En efecto, lo merecía. Para un tímido novio -digámoslo así- de la Administración Nacional, nada podía abrirme más los ojos sobre la virtud de mi futura que las hazañas de aquel Don Juan administrativo… Le pedí que me contara todo, si lo sabía, y a escape.

– ¿Si lo sé? -me respondió-. ¿Si conozco bien a mi funcionario? Como que yo fui el gobernador que le sucedió… Pero, óigame más bien desde el principio. Era en… En fin, suponga usted que el ochenta y tantos. Yo acababa de regresar a España, mal curado aún de unas fiebres cogidas en el golfo de Guinea. Había hecho un crucero de cinco años, abasteciendo a las factorías españolas de la costa. El último año lo pasé en Elobey Chico… ¿Usted sabe su geografía, sí?

– Sí, toda; continúe.

– Bien. Sabrá usted entonces que no hay país más malsano en el mundo entero, así como suena, que la región del delta del Níger. Hasta ahora, no hay mortal nacido en este planeta que pueda decir, después de haber cruzado frente a las bocas del Níger: No tuve fiebre…

Comenzaba, pues, a restablecerme en España, cuando un amigo, muy allegado al Ministerio de Ultramar, me propuso la gobernación de una de las cuatrocientas y tantas islas que pueblan las Filipinas. Yo era, según él, el hombre indicado, por mi larga actuación entre negros y negritos.

– Pero no entre malayos -respondí a mi protector- Entiendo que es bastante distinto…

No crea usted: es la misma cosa -me aseguró-. Cuando el hombre baja más de dos o tres grados en su color, todos son lo mismo… En definitiva: ¿le conviene a usted?
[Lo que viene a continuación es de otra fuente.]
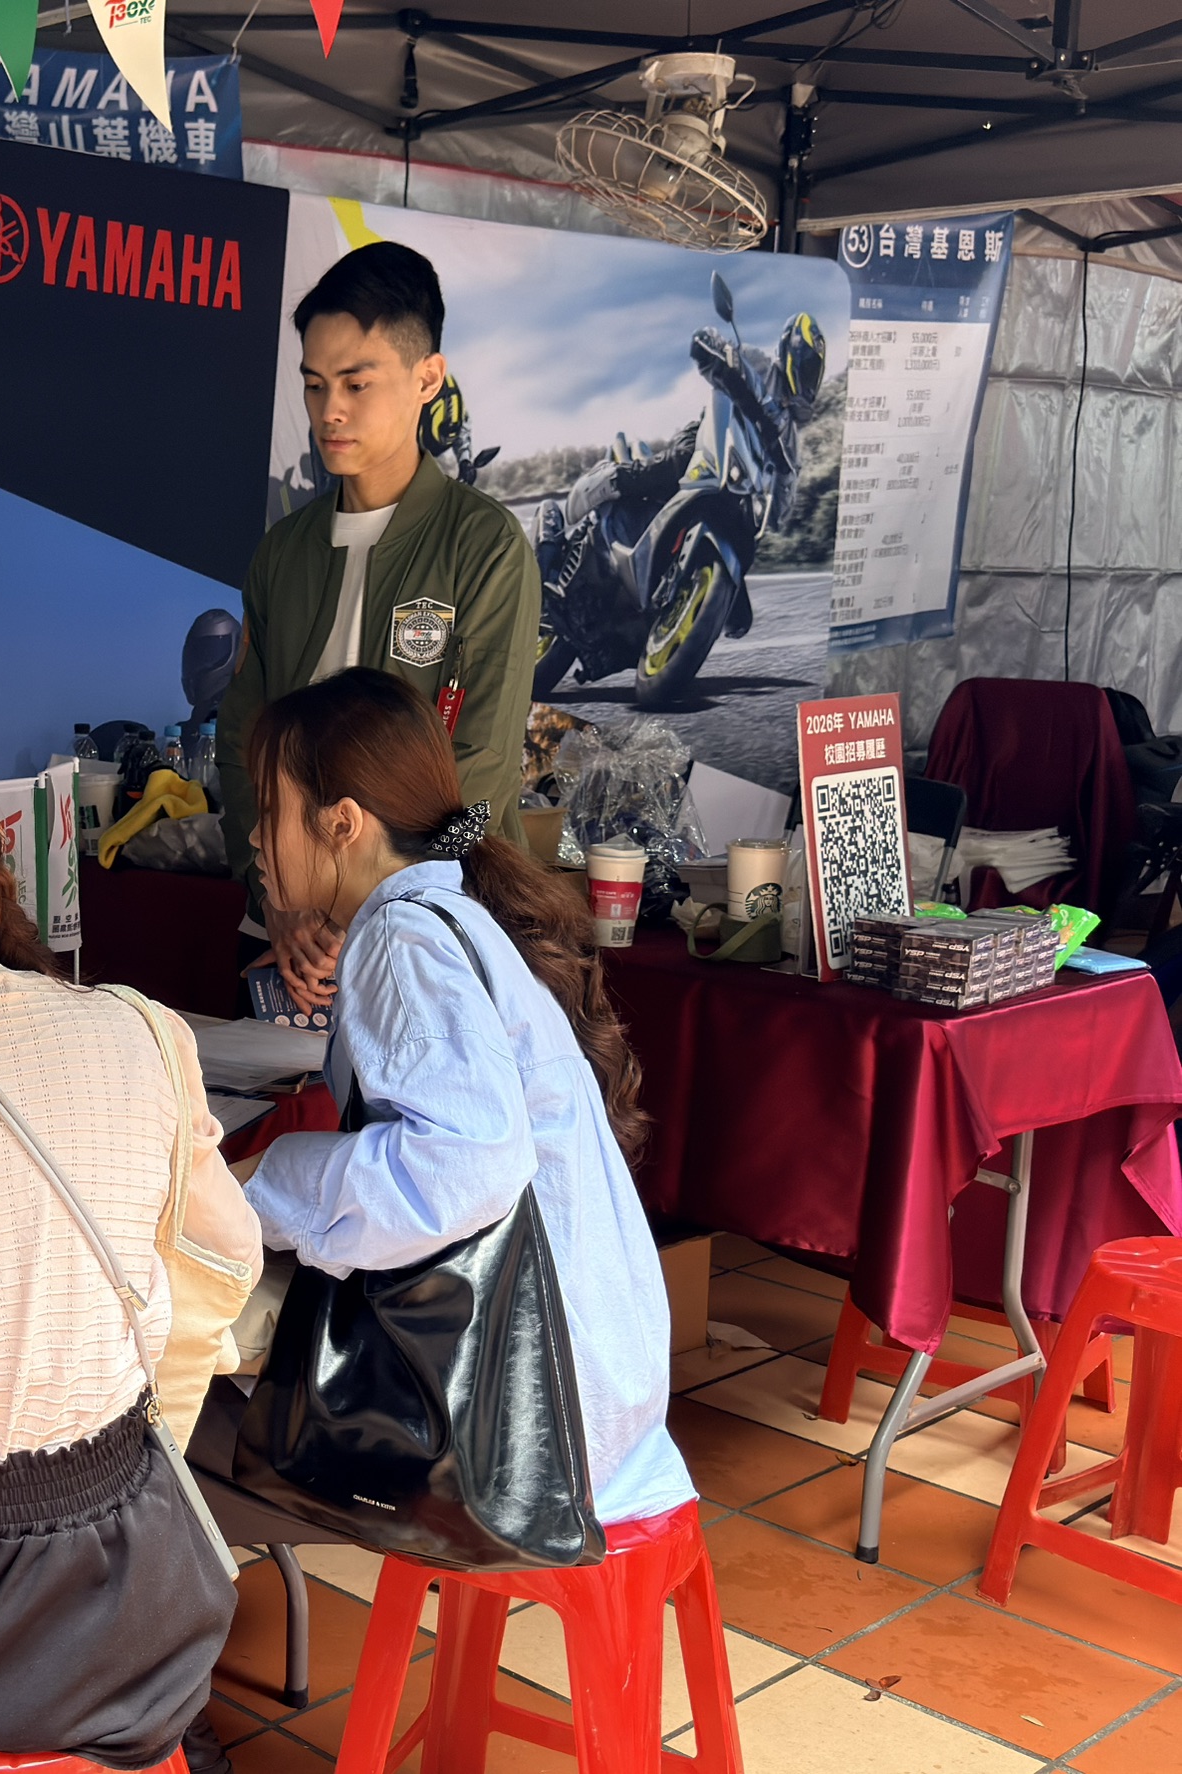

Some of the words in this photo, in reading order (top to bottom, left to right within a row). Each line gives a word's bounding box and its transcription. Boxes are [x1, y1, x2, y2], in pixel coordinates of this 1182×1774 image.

[140, 16, 152, 24] TEC
[847, 225, 868, 253] 53
[879, 223, 1005, 262] 台灣基恩斯
[36, 207, 242, 310] YAMAHA
[806, 712, 844, 734] 2026年
[848, 708, 894, 729] YAMAHA
[824, 738, 886, 766] 校園招募履歷
[853, 934, 871, 942] YSP
[854, 947, 873, 955] YSP
[904, 948, 925, 956] YSP
[854, 960, 873, 968] YSP
[847, 973, 865, 981] YSP
Tengo facultades para hacerle dar el destino enseguida.

Consulté un largo rato con mi conciencia, y más profundamente con mi hígado. Ambos se atrevían, y acepté.

– Muy bien -me dijo entonces mi padrino-. Ahora que es usted de los nuestros, tengo que ponerlo en conocimiento de algunos detalles. ¿Conoce usted, siquiera de nombre, al actual gobernador de su isla, Félix Pérez Zúñiga?

– No; fuera del escritor…-le dije.

– Ese no es Félix -me objetó-. Pero casi, casi valen tanto el uno como el otro… Y no lo digo por mal. Pues bien: desde hace dos años no se sabe lo que pasa allá. Se han enviado millones de notas, y crea usted que las últimas son capaces de ponerle los pelos de punta al funcionario peor nacido… Y nada, como si tal cosa. Usted llevará, juntamente con su nombramiento, la destitución del personaje. ¿Le conviene siempre?